== WORK ITEM ==
Copy every line of the data exactly, keeping out any picture.

== SUPPLIED MATERIAL ==
□ □ □

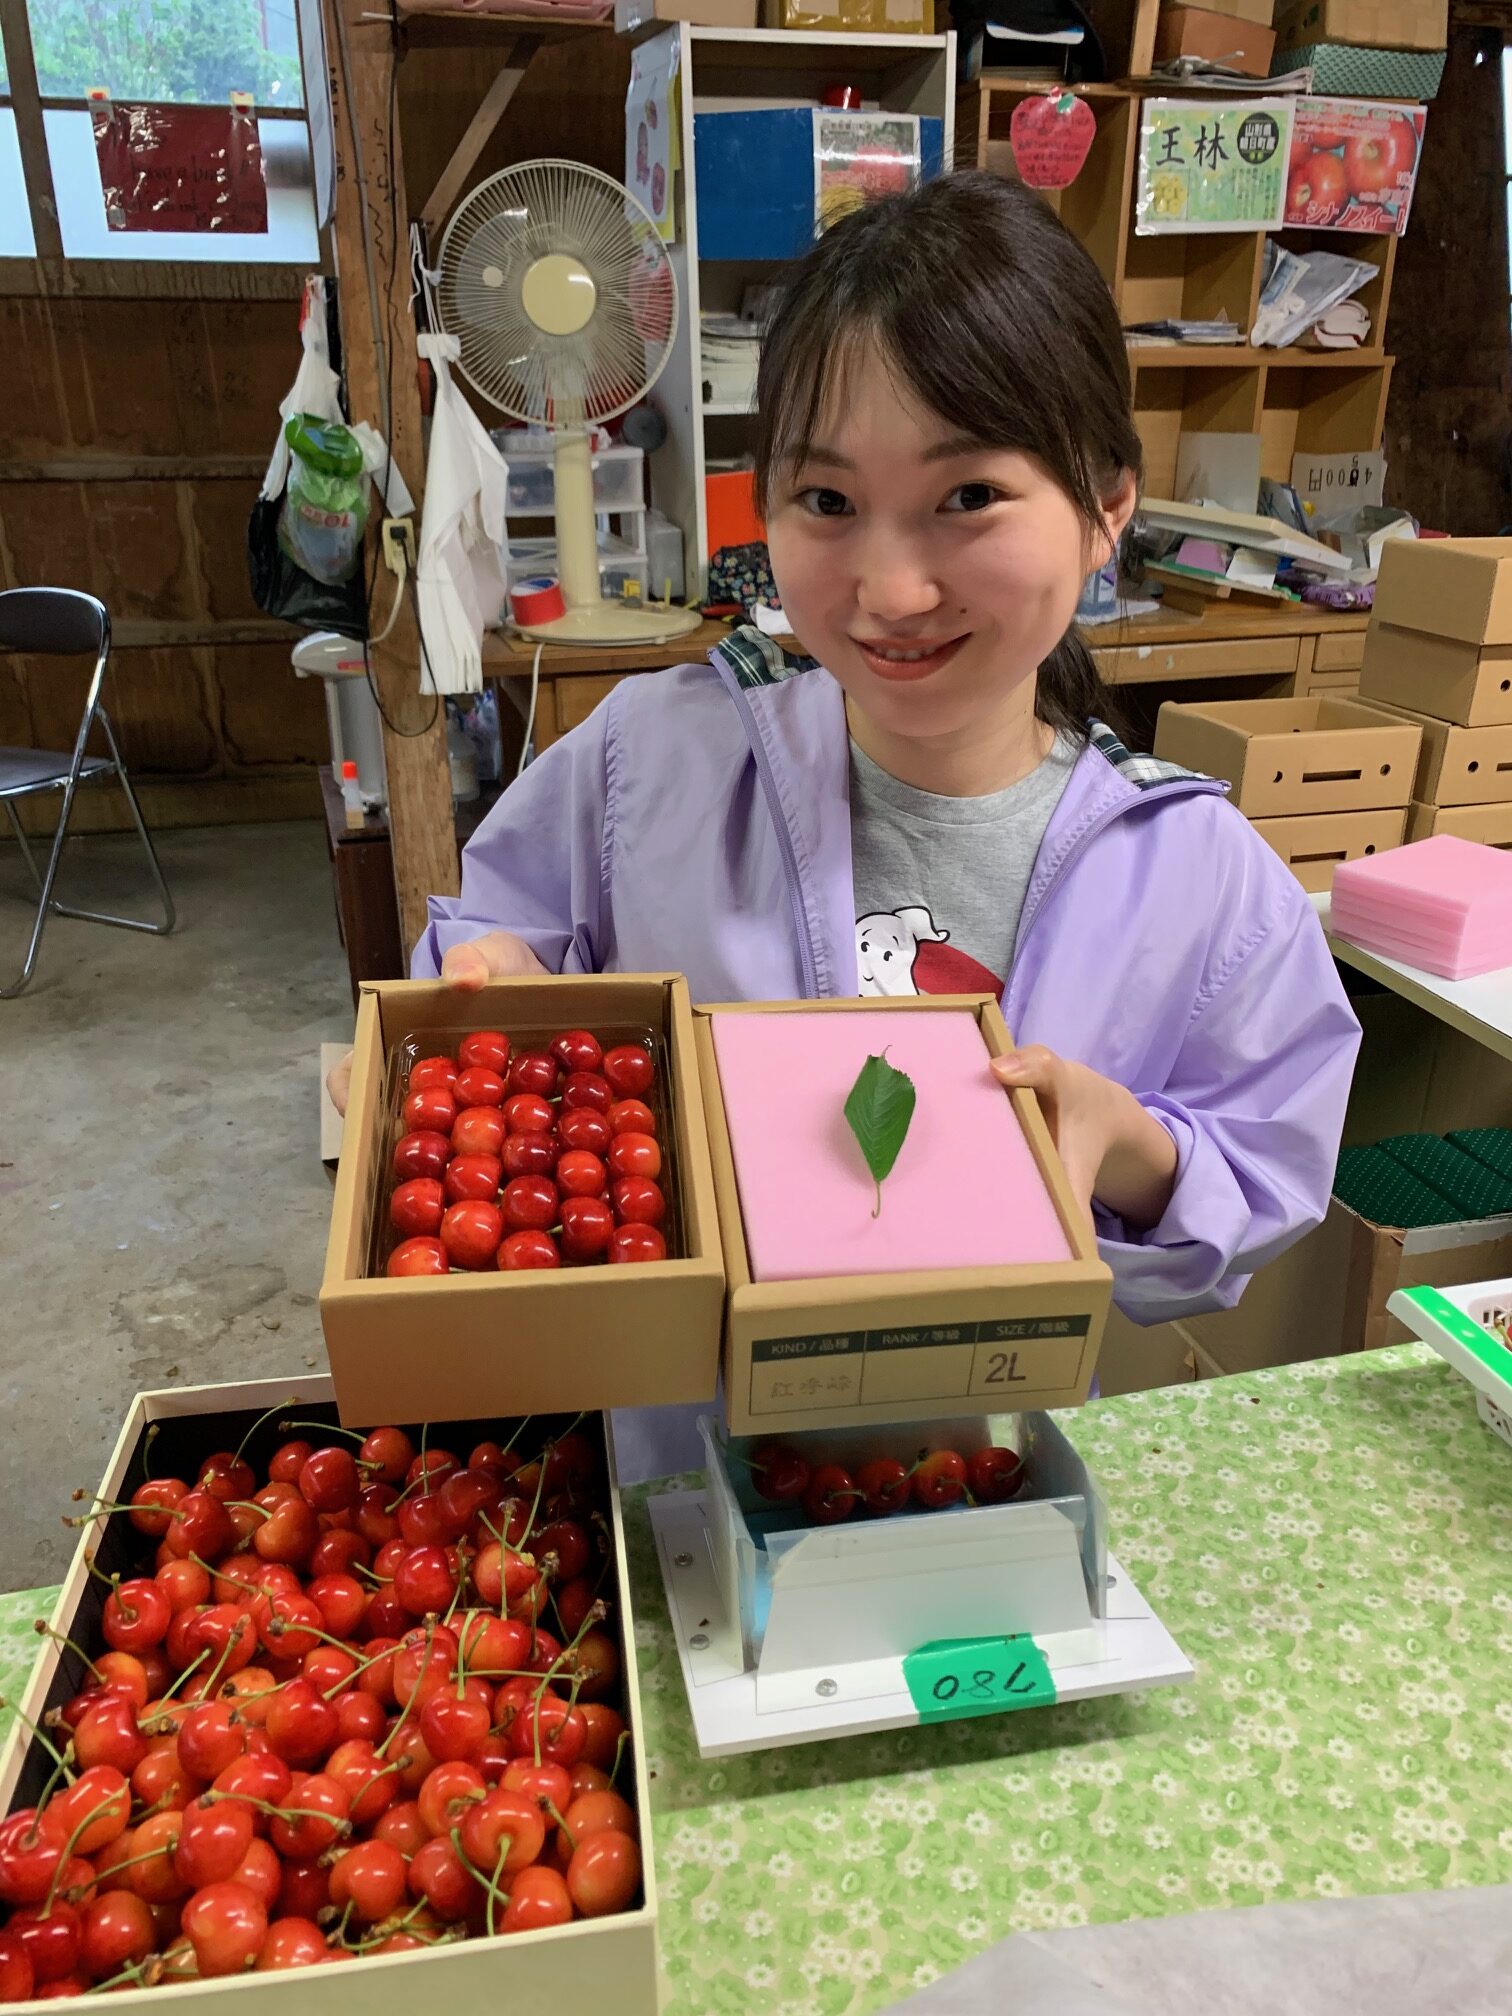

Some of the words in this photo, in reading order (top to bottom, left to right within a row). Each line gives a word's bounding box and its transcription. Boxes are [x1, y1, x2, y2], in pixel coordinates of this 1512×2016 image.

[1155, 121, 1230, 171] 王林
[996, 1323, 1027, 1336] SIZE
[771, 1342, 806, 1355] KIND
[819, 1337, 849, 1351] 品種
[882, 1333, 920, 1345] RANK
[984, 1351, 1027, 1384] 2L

□ □ □

== EXERCISE RESULT ==
Some of the words in this photo, in reading order (top to bottom, left to right within a row). Each line gives a word's bounding box and its transcription. Boxes are [x1, y1, x2, y2], in pixel coordinates of this 1512×2016 image.

[1155, 121, 1230, 171] 王林
[996, 1323, 1027, 1336] SIZE
[771, 1342, 806, 1355] KIND
[819, 1337, 849, 1351] 品種
[882, 1333, 920, 1345] RANK
[984, 1351, 1027, 1384] 2L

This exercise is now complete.